Dr Phelps earned BS degrees in chemistry and mathematics at Western Washington State University in 1965, and a PhD in chemistry at Washington University, St. Louis, in 1970. Subsequently, he was on the medical school faculty of Washington University (1970-75), University of Pennsylvania (1976) and UCLA (1976-present). Dr Phelps is the inventor of the positron emission tomography (PET) scanner. PET is a molecular imaging technique that allows scientists and physicians to image and measure the chemistry and biology of the living body in health and disease, from mouse to man, from metabolism to gene expression. PET is a part of the changes occurring as biology and medicine merge to form molecular medicine that seeks to identify the molecular errors that produce disease and to correct them.

In addition to developing several generations of PET scanners with his colleague Dr Edward Hoffman, Dr Phelps and his other UCLA colleagues and students have used PET to study the biological basis of normal function, as well as numerous disorders of the brain and heart, and cancer. For example, he and Dr Harry Chugani performed seminal studies to determine the basis of the unique attributes of childhood brain development, such as rapidly expanding behavioral repertoire; specialized learning in the formative years; and the unique means by which the child’s brain can reorganize to compensate for a lesion or surgical resection. Using PET, he and his colleagues in pediatric neurology and neurosurgery were able to identify cerebral tissue that produces seizure disorders in infants and children when all other imaging studies were normal. These findings were critical in establishing a new clinical service for the surgical treatment of childhood seizure disorders.
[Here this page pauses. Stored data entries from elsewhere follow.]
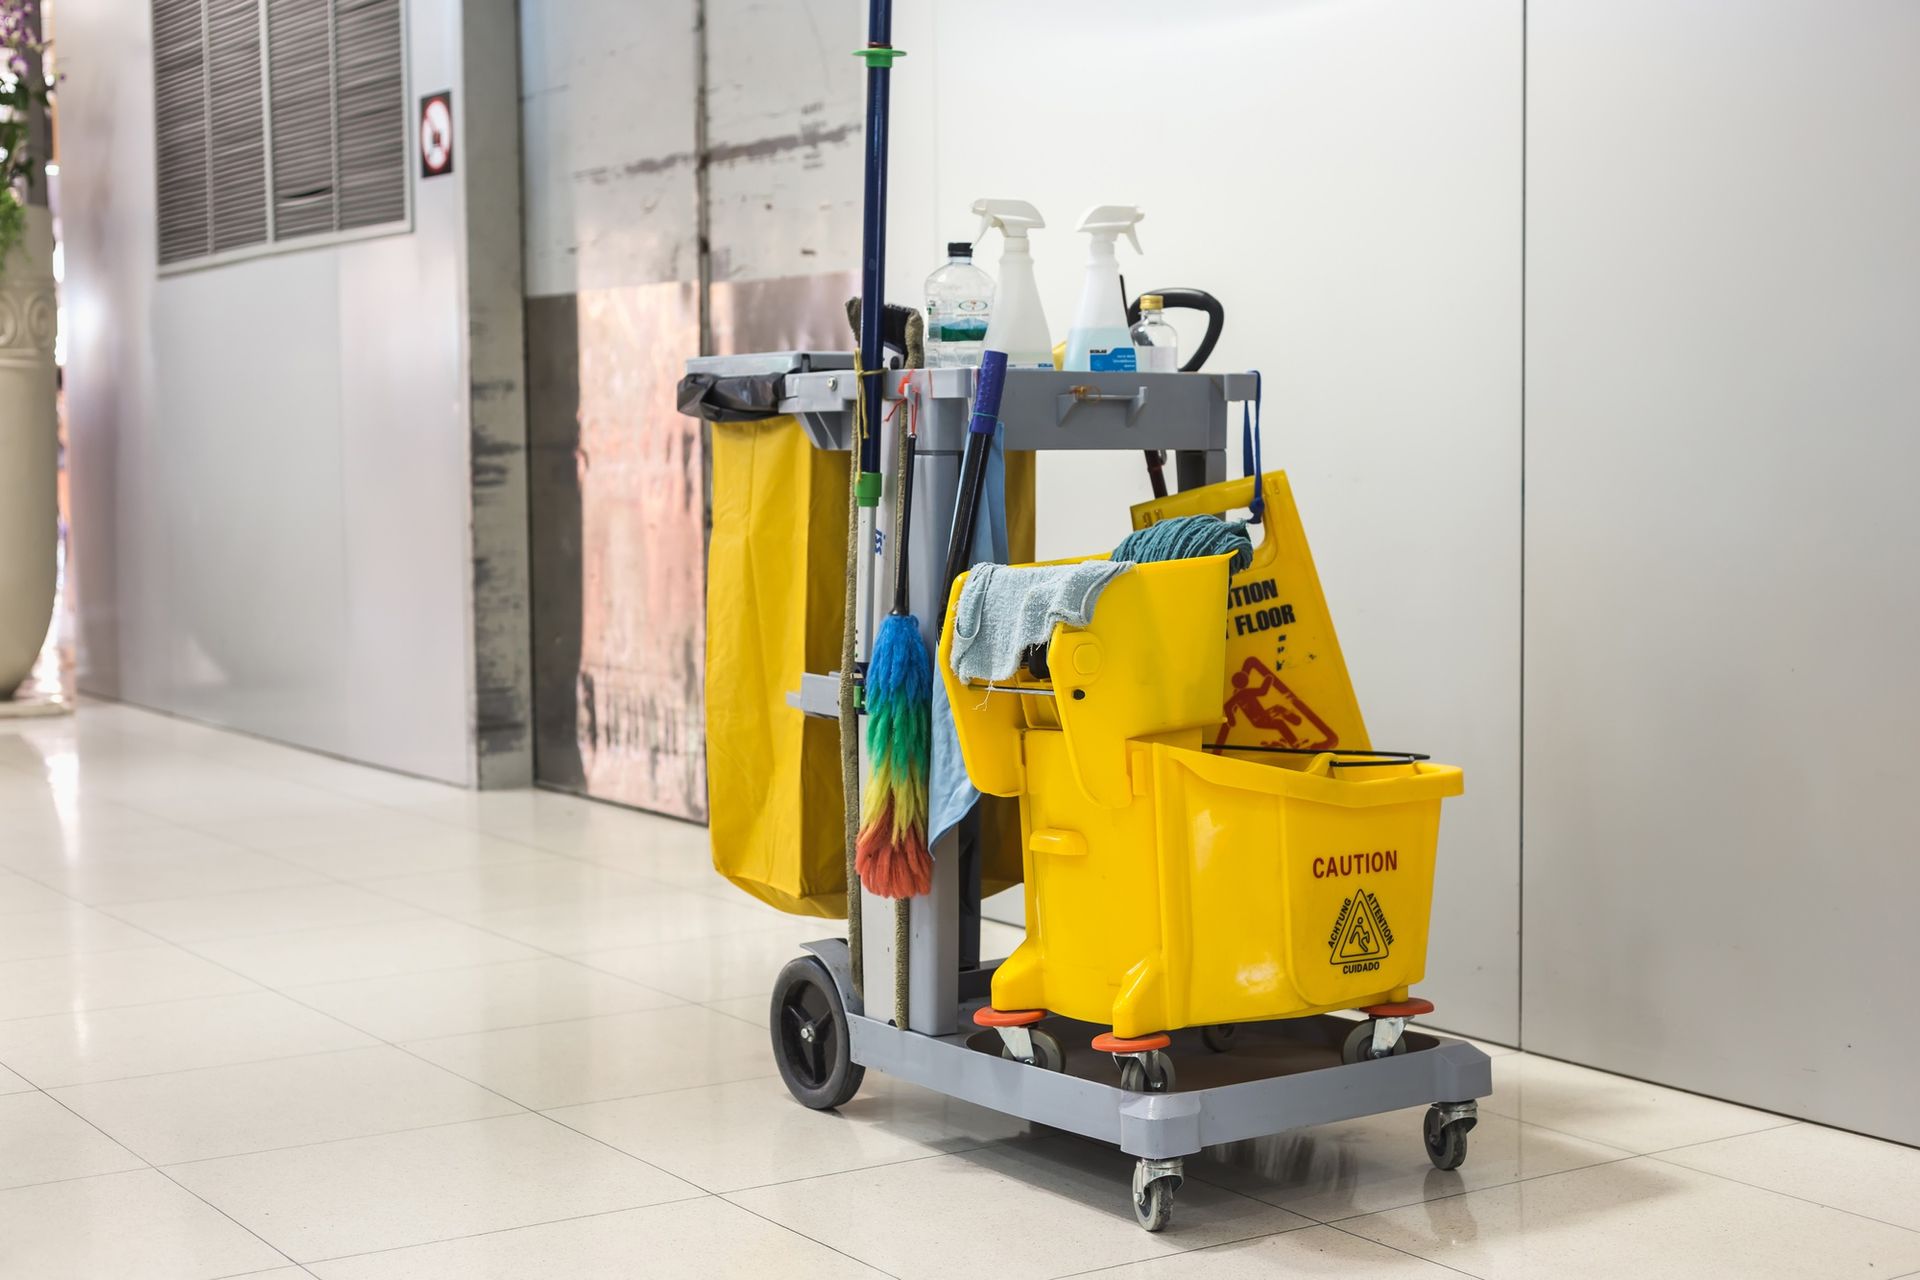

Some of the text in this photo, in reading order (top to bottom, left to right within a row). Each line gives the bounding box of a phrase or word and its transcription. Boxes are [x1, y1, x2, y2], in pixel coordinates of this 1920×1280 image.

[1228, 578, 1278, 610] TION
[1234, 604, 1296, 636] FLOOR
[1312, 850, 1398, 879] CAUTION
[1327, 897, 1352, 949] ACHTUNG
[1366, 892, 1394, 946] ATTENTION
[1342, 961, 1380, 975] CUIDADO
He, along with his colleagues Gary Small, Dan Silverman, Pete Engel, Jeff Cummings, and John Mazziotta, developed unique criteria that allowed the use of PET to differentiate the various types of dementia (eg, Alzheimer’s, frontotemporal, vascular) early in the degenerative process, as well as the biological alterations identifying early stages of Parkinson’s, epilepsy, and Huntington’s disease. In Huntington’s and familial Alzheimer’s, it was shown that metabolic abnormalities could be identified with PET 7 and 5 years before symptoms, respectively. Further, Alzheimer’s could be diagnosed with 93% accuracy 3 years before the clinical diagnosis of “probable” Alzheimer’s could be made.